(Stored data entries)
━━━━━━━━

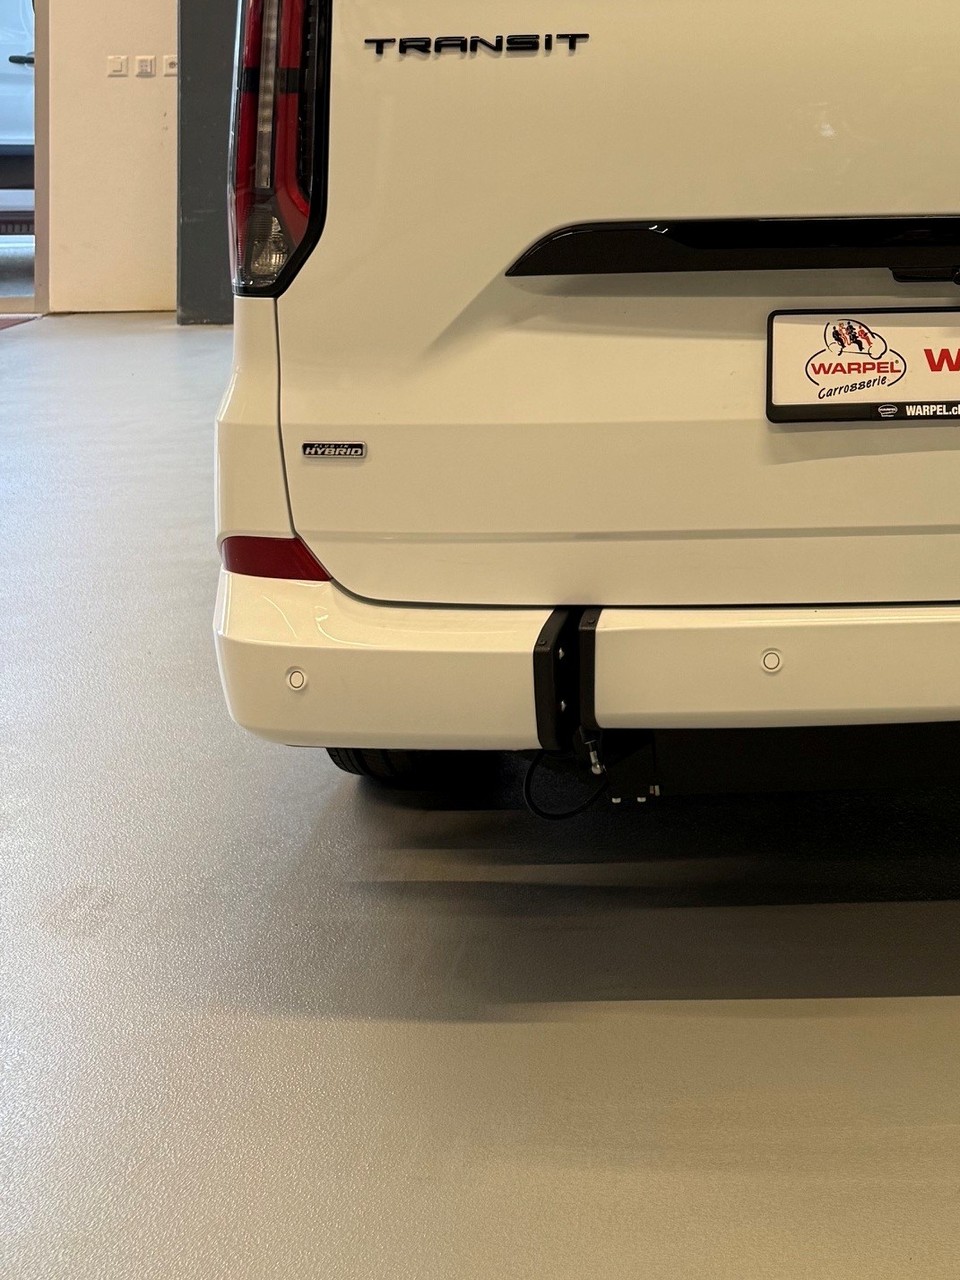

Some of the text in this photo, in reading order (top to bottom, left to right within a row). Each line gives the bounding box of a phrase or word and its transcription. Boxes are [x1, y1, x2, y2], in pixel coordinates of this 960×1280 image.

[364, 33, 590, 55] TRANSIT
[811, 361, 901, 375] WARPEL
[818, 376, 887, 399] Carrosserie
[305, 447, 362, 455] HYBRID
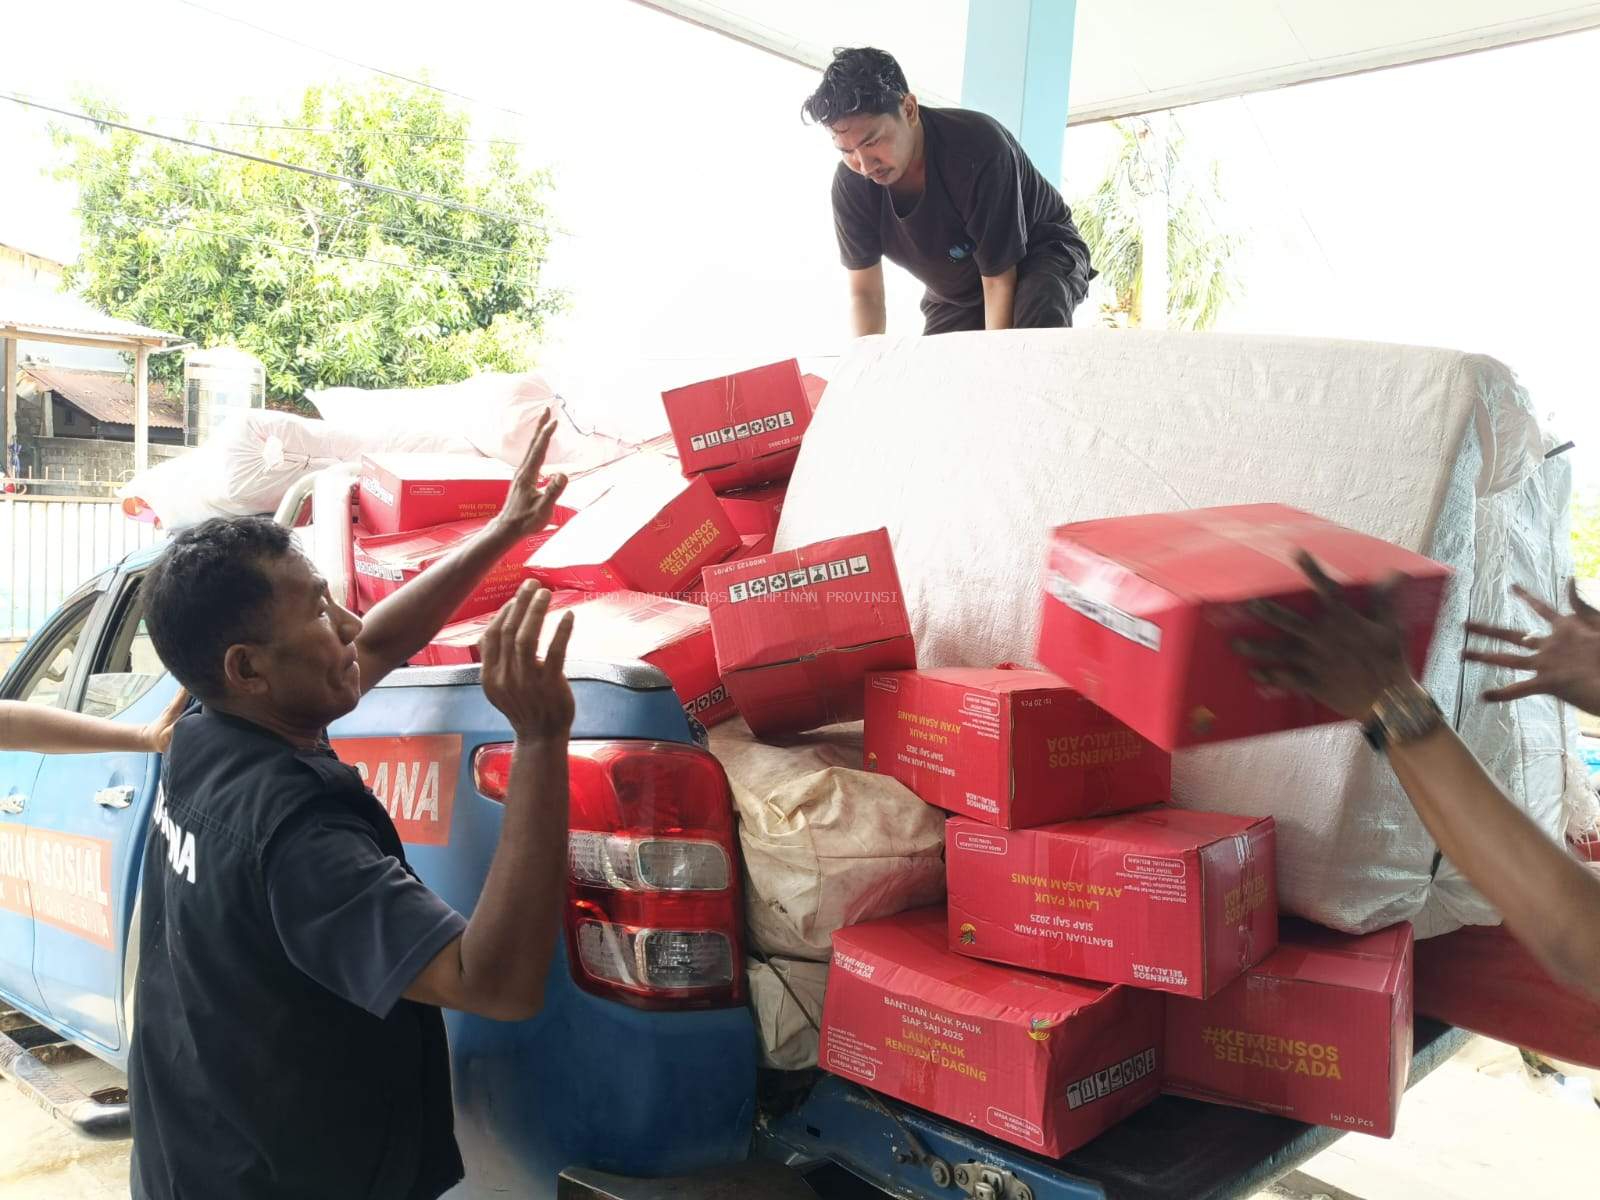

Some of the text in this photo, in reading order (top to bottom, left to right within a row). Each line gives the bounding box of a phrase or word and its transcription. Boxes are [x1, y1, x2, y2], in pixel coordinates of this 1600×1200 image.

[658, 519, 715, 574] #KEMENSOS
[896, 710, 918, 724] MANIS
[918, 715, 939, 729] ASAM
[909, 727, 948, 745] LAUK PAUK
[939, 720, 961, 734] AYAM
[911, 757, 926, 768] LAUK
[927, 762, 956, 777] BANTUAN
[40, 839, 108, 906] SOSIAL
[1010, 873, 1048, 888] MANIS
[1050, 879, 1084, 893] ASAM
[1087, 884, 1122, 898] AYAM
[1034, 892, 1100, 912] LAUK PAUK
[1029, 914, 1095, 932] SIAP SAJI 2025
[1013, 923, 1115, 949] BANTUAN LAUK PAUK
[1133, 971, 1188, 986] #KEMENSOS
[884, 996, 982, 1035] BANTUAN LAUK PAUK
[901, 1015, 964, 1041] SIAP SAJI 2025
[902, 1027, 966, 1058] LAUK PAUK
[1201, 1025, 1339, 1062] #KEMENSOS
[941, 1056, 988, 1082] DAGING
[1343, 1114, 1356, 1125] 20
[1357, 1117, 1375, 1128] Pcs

━━━━━━━━

Return every record exactly, leaving out the pictures.

## Answer box
Some of the text in this photo, in reading order (top to bottom, left to right within a row). Each line gives the bounding box of a phrase or word and its transcription. Boxes are [x1, y1, x2, y2], in pixel coordinates of this 960×1280 image.

[364, 33, 590, 55] TRANSIT
[811, 361, 901, 375] WARPEL
[818, 376, 887, 399] Carrosserie
[305, 447, 362, 455] HYBRID

Some of the text in this photo, in reading order (top to bottom, left to right within a row). Each line gives the bounding box of a phrase or word and its transcription. Boxes are [x1, y1, x2, y2], in pixel coordinates of this 1600×1200 image.

[658, 519, 715, 574] #KEMENSOS
[896, 710, 918, 724] MANIS
[918, 715, 939, 729] ASAM
[909, 727, 948, 745] LAUK PAUK
[939, 720, 961, 734] AYAM
[911, 757, 926, 768] LAUK
[927, 762, 956, 777] BANTUAN
[40, 839, 108, 906] SOSIAL
[1010, 873, 1048, 888] MANIS
[1050, 879, 1084, 893] ASAM
[1087, 884, 1122, 898] AYAM
[1034, 892, 1100, 912] LAUK PAUK
[1029, 914, 1095, 932] SIAP SAJI 2025
[1013, 923, 1115, 949] BANTUAN LAUK PAUK
[1133, 971, 1188, 986] #KEMENSOS
[884, 996, 982, 1035] BANTUAN LAUK PAUK
[901, 1015, 964, 1041] SIAP SAJI 2025
[902, 1027, 966, 1058] LAUK PAUK
[1201, 1025, 1339, 1062] #KEMENSOS
[941, 1056, 988, 1082] DAGING
[1343, 1114, 1356, 1125] 20
[1357, 1117, 1375, 1128] Pcs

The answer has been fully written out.